Truly, the revolution begins after the first shot of liberation.

Four years ago I embarked on a journey just to reconnect my mother's family with their lost Swedish relatives.

A year later I decided I would start a new journey to take Badin aka Cousche out of the dustbin of Swedish history and elevate him to the much deserved status of Legend.

As of May 1, 2017, Badin was liberated from 200 years of slander, emasculation and racist misinterpretations through the historical fiction graphic novel, Badin and the Secret of the Saami.

Now that the graphic novel is complete and on sale worldwide, it is time for the next step. That is, will I choose to create a sequel, spin-off or other story? While doing the graphic novel, I have simultaneously created a "special edition" of the graphic novel full of director notes, teacher guide and character diaries. Right now I am aggressively exploring various options by reading articles by writers—along with dissecting various books, TV shows and movies related to various genre.

One thing for sure, it will be focused on middle grade readers. Obviously, you can expect to see more of Badin. What kind of "next" would you like to see?

Those who are curious about the "Här" in the title should know that is the Swedish word for "Here."

Sunday, May 21, 2017

Badin: A New Royal Portrait

Compare Gustaf Lundberg's original to Eric Basir's reimagined portrait
Before and after: Reimagined portrait by Eric Basir
It has been almost 200 years since the death of Sweden's forgotten Black Prince, Badin.

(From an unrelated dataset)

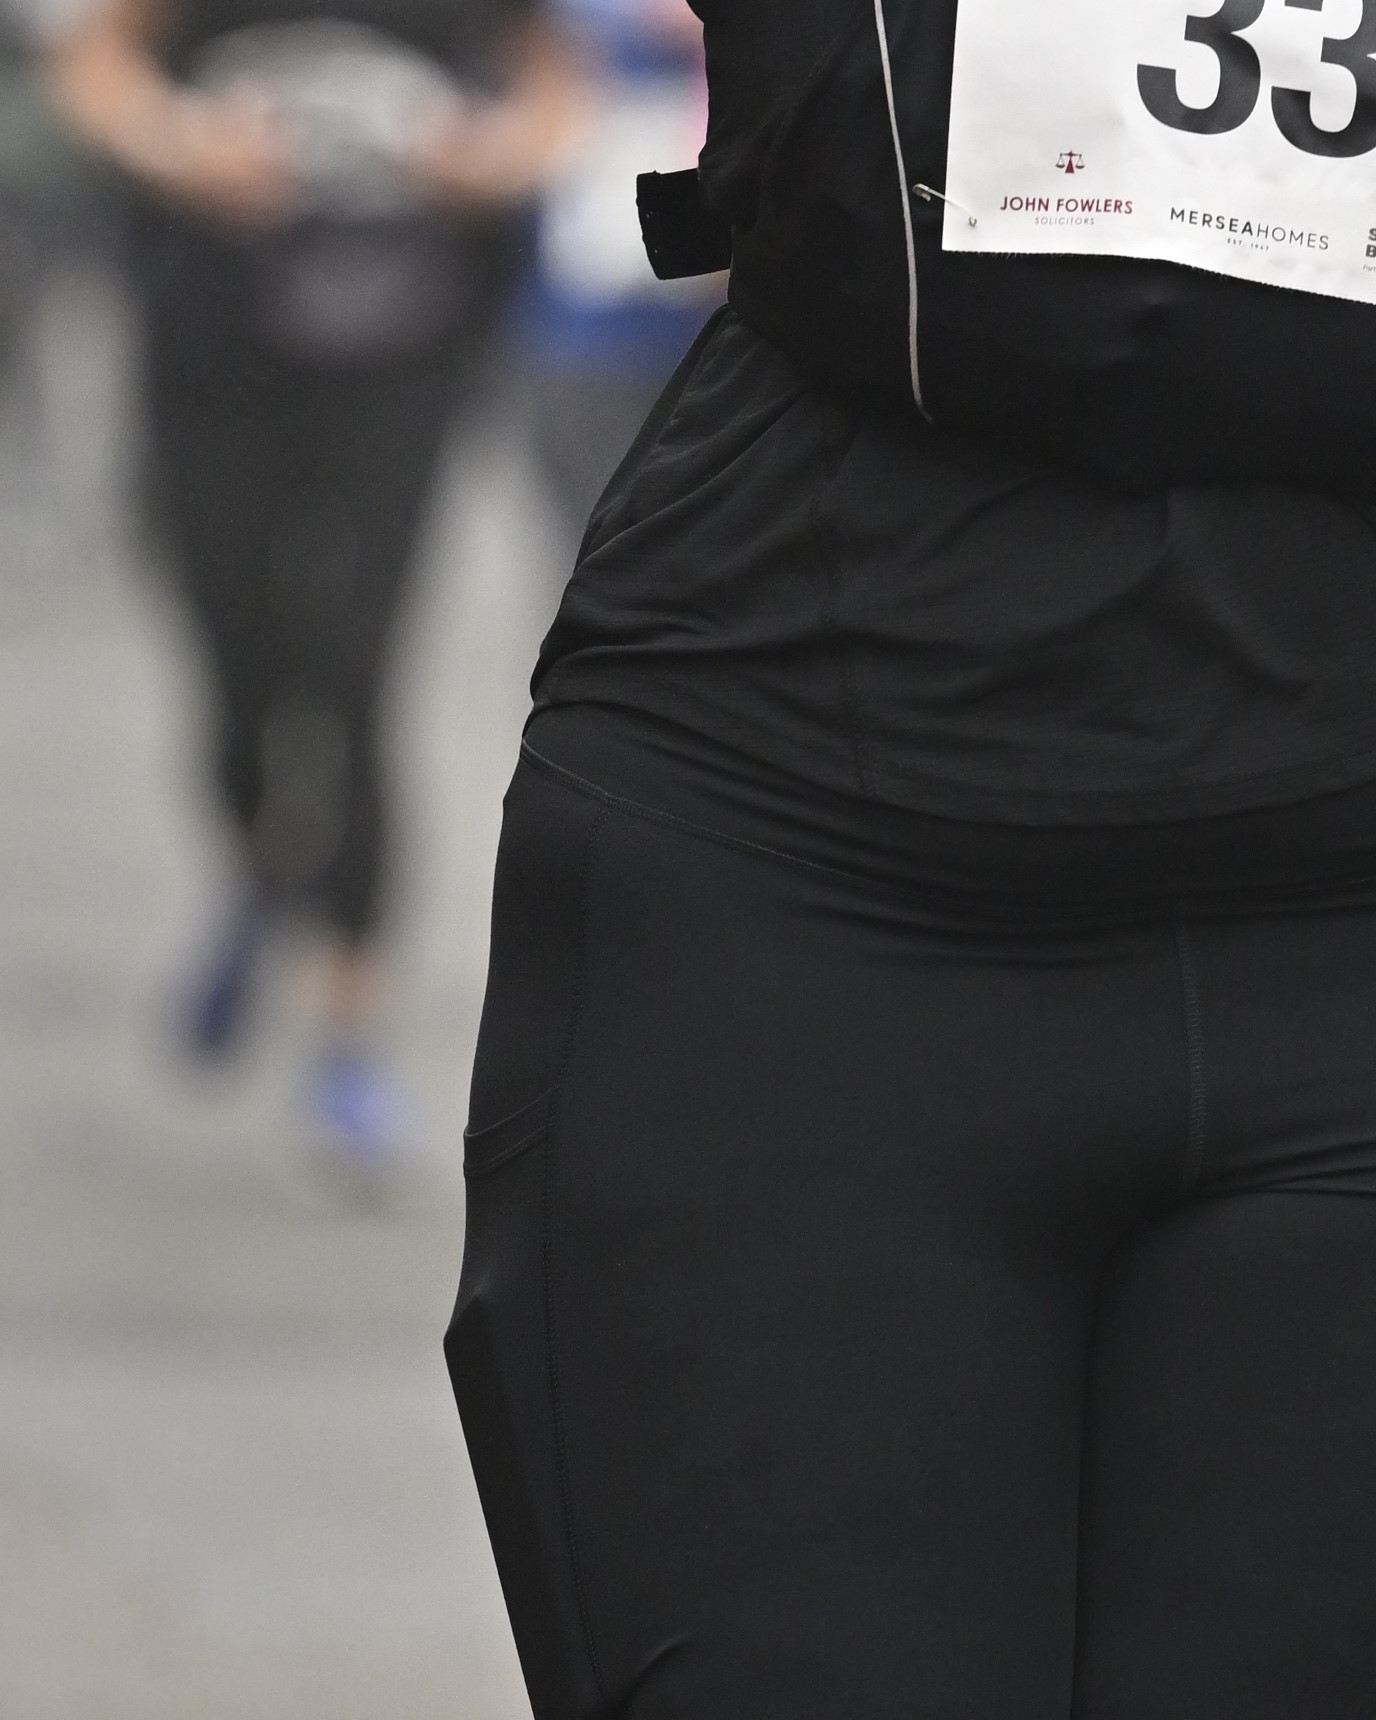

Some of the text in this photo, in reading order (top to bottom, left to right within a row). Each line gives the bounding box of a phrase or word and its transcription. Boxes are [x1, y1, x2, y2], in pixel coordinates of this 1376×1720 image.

He was intentionally and unintentionally emasculated and buried in racist stereotypes until 2017 when I released the historical fiction graphic novel Badin and the Secret of the Saami.

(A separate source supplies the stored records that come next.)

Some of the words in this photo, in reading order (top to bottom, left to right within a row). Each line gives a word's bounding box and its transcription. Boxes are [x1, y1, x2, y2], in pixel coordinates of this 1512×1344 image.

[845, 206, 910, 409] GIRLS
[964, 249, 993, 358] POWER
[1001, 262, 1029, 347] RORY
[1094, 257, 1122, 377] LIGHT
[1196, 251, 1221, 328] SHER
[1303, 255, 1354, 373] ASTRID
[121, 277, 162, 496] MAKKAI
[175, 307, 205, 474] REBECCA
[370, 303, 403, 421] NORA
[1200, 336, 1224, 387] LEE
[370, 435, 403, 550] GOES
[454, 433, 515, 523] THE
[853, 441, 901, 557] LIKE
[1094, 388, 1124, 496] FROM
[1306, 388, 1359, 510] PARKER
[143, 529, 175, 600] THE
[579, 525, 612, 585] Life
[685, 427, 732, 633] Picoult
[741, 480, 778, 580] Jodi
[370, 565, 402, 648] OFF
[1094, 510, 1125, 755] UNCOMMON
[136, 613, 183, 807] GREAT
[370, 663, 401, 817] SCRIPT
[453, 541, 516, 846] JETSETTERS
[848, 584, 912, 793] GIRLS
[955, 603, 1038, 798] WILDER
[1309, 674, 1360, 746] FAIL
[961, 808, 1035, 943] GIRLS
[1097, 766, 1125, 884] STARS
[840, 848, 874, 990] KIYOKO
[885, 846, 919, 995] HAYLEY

Adolf Ludvig Gustav Fredrik Albert Badin, né Couchi, known as Badin, was Queen Lovisa Ulrika's adopted African son. She adored him and was undoubtedly his soulmate. Although he was just a child, in him she saw a little bit of herself: Eager to learn and a stranger in a strange land (she was born in Prussia—a large area now part of several western European countries).

The above (left side) portrait by Court painter Gustaf Lundberg is most likely a partial fabrication. That is, the feathers and quiver were probably added after the sketch of Badin was complete. Such embellishments were common for all royalty in 18th century Europe. Intrinsically, the choice of the feathers and arrows are rooted in gross stereotypes of African (and other non-white) men as lustful savages ready to rape and pollute the white race. The late Allan Pred's The Past is Not Dead explains this in more detail.

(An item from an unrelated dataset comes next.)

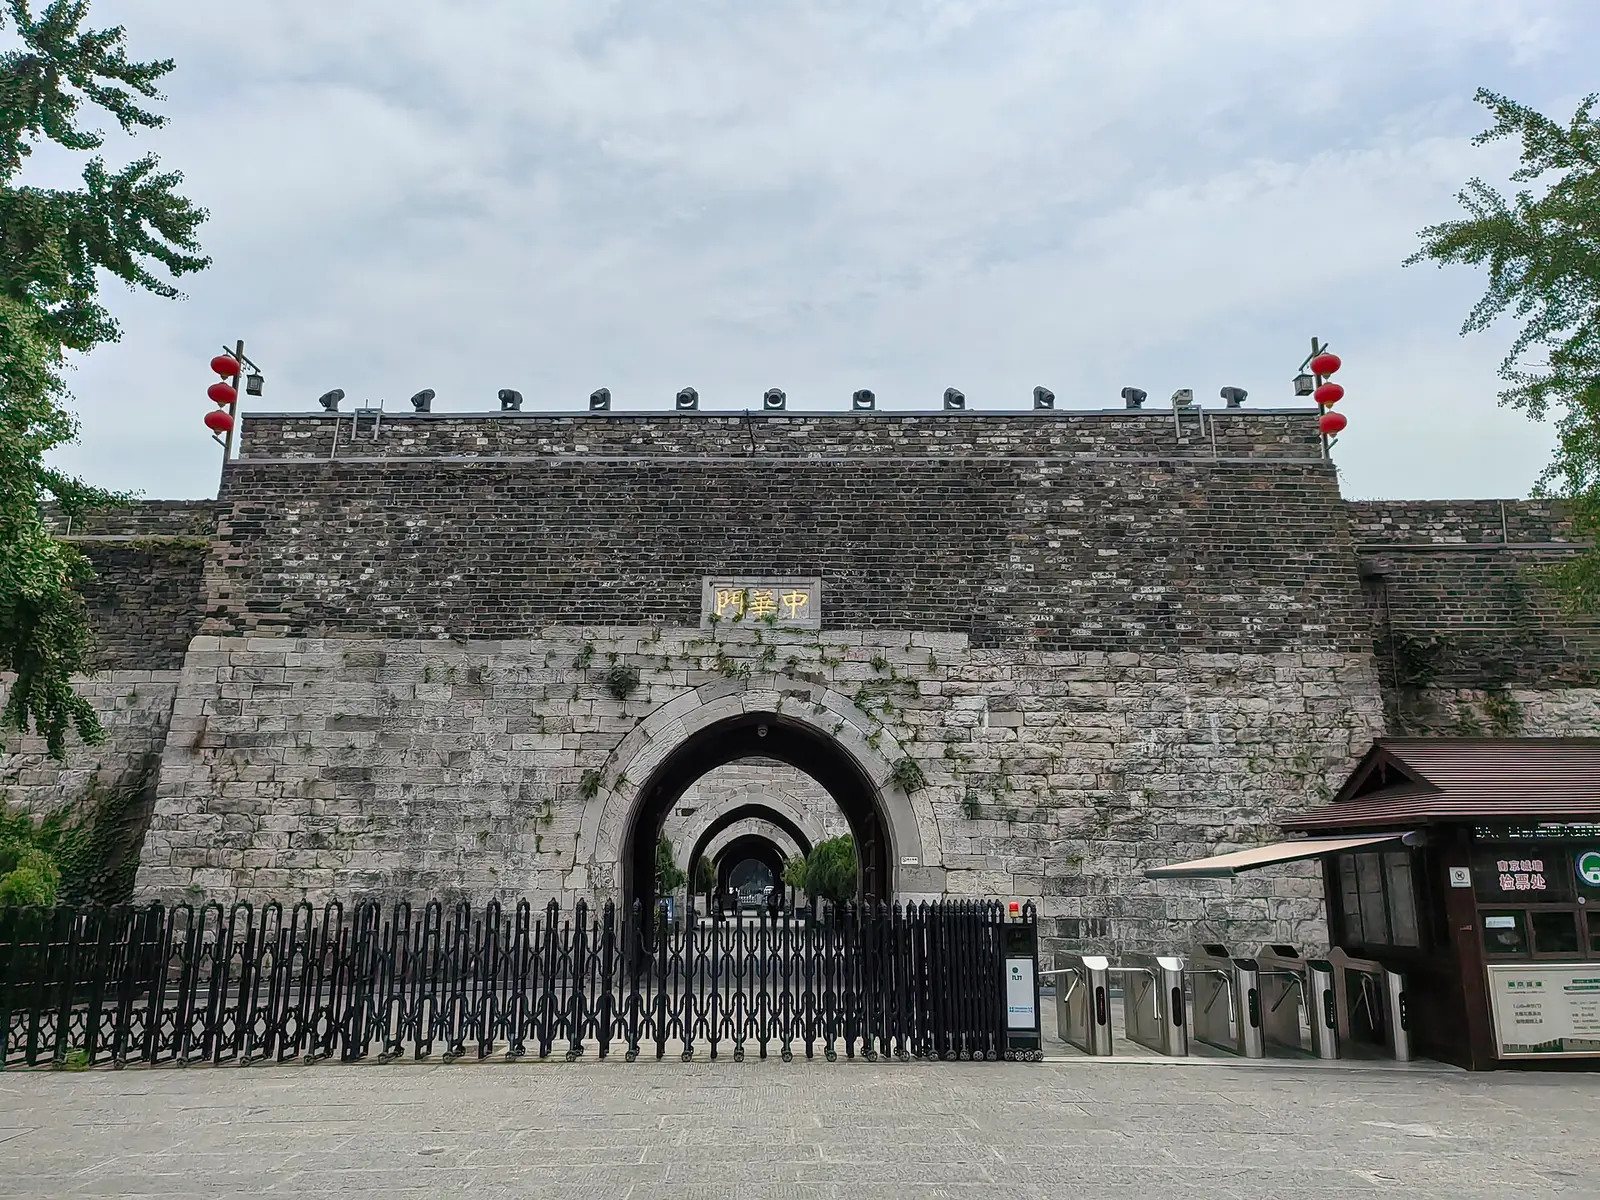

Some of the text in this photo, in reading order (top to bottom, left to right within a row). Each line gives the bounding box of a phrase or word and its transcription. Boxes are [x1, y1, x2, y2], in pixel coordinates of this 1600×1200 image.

[1497, 860, 1544, 872] 南京城墙
[1499, 874, 1546, 890] 检票处

As of recently, there is no historical documentation I could find which points to Badin having a fascination with archery or feathers. However, there is proof that he was an avid reader, writer and chess master. So the chessboard is appropriate. However, as part of my full frontal assault on the stereotypical and racist portrayal of this intelligent and honorable Swedish man, I recreated this famous portrait for the graphic novel, Badin and the Secret of the Saami.

So I chose to enhance the ideas behind Badin's literacy and genius by replacing the chess theme with one of writing. I also freed up his Masonic uniform and crown by removing the feathers. Now those familiar with his membership in the Freemasons can be interpreted without distraction. It is possible that Lundberg resented that Badin was a Freemason and added these items to debase Badin.

I would hope more  artists would "reimagine" Black figures in Europe. They were great men and women—and they lived under great scrutiny. It is our job to elevate them—and when appropriate—redeem them through new stories to inspire new generations.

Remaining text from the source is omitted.